Stored records
====

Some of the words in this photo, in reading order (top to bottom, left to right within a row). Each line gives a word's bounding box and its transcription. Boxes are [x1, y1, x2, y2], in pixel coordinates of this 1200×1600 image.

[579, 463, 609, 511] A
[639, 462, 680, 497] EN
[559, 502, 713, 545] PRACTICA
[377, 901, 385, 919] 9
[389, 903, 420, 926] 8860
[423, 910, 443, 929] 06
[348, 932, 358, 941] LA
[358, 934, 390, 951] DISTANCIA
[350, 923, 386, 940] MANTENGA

====

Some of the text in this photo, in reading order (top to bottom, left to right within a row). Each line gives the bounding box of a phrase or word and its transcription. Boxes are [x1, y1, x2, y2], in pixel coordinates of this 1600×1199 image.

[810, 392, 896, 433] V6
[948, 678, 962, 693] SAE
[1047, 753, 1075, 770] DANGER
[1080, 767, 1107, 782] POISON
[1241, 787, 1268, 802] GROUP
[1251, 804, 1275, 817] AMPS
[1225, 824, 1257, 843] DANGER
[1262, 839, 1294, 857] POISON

====

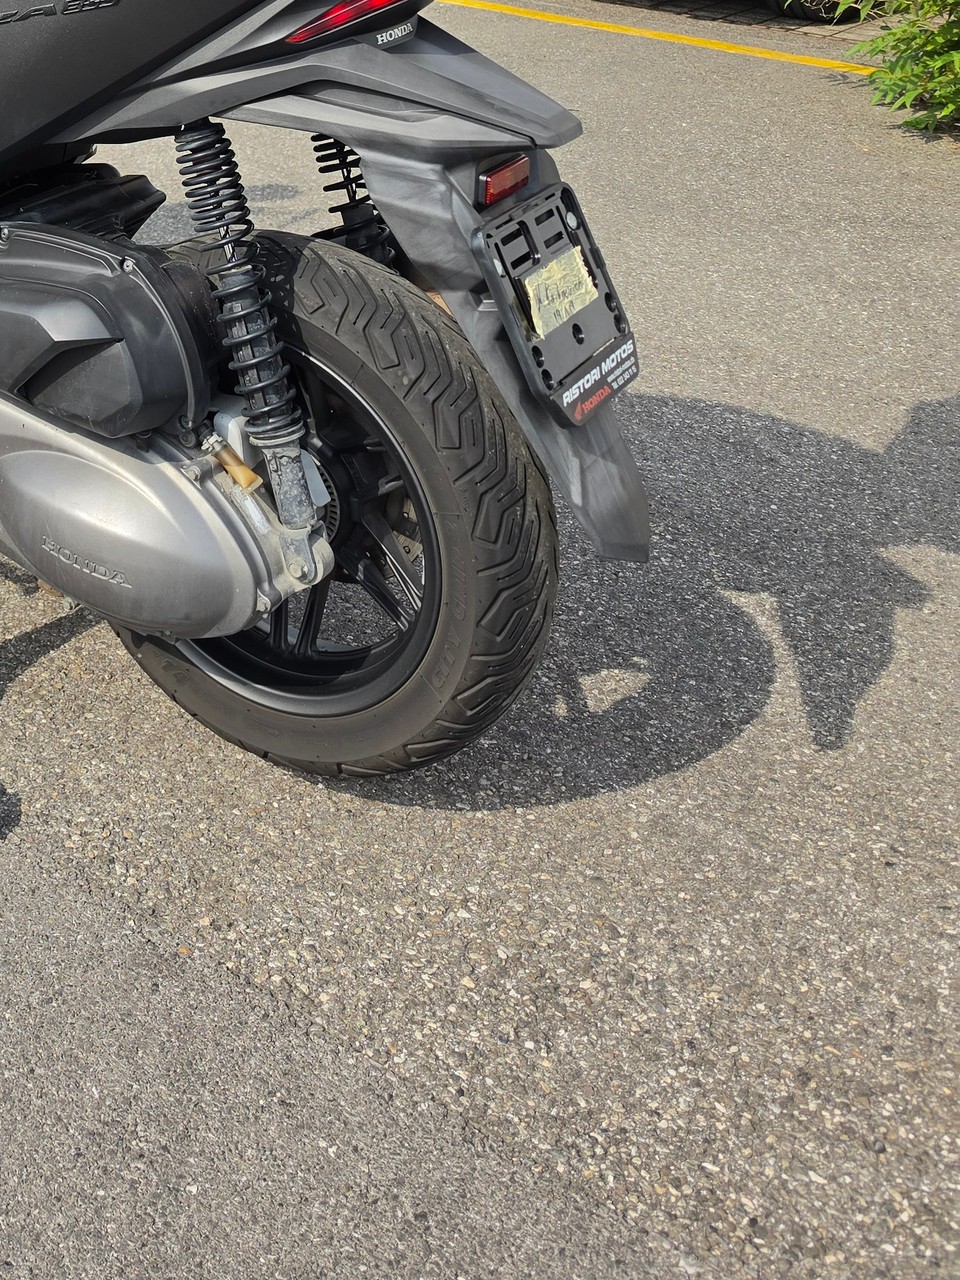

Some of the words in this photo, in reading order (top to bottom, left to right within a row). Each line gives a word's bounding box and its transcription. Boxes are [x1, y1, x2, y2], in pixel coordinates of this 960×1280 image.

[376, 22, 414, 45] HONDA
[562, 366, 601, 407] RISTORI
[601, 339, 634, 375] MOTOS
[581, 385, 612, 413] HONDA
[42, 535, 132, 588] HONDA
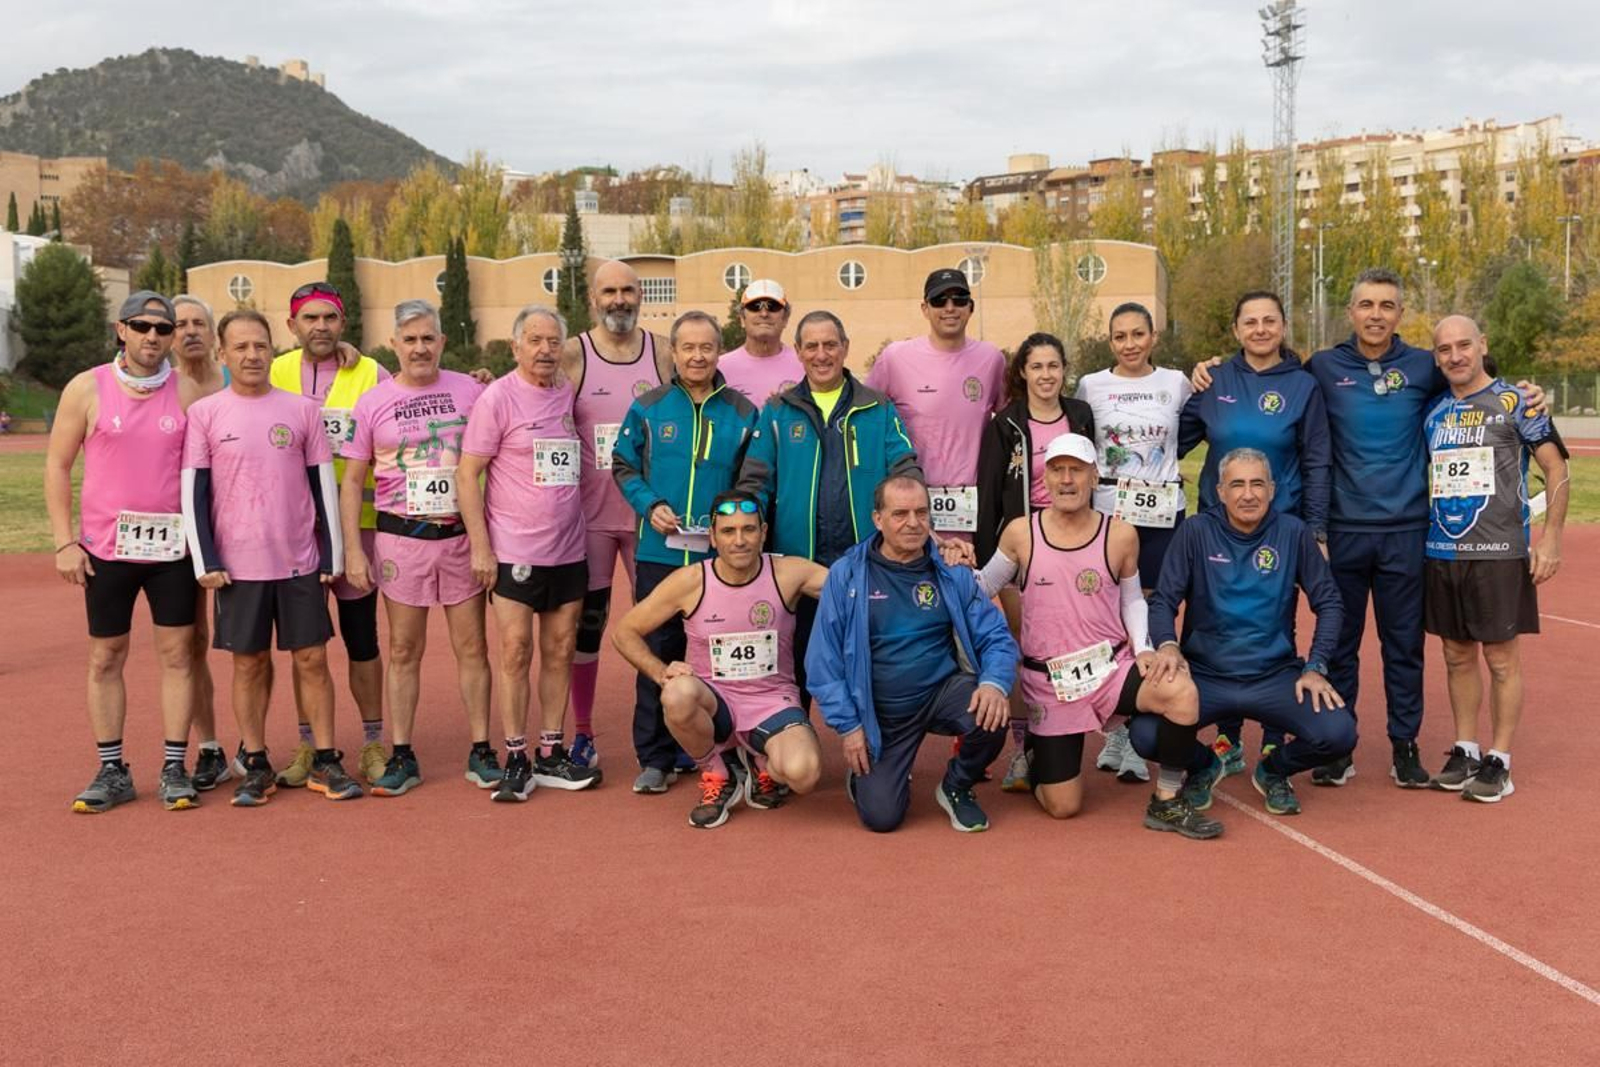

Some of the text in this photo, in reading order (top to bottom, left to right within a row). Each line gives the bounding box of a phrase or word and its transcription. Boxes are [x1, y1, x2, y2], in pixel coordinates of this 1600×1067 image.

====

# YOUR GOAL:
Both the line above containing "this 960×1280 image." and the line containing "this 1600×1067 image." belong in the copy, along with every line between them; print these exactly and omit the pictures.

# YOUR SOLUTION:
Some of the words in this photo, in reading order (top to bottom, left to right within a row). Each line gives a word's bounding box and its transcription. Boxes are [x1, y1, x2, y2], in pixel coordinates of this 960×1280 image.

[376, 22, 414, 45] HONDA
[562, 366, 601, 407] RISTORI
[601, 339, 634, 375] MOTOS
[581, 385, 612, 413] HONDA
[42, 535, 132, 588] HONDA

Some of the text in this photo, in reading order (top to bottom, left to right within a row). Each line gives the bounding box of a phrase or word and its transcription. Boxes are [x1, y1, x2, y2], in pixel coordinates of this 1600×1067 image.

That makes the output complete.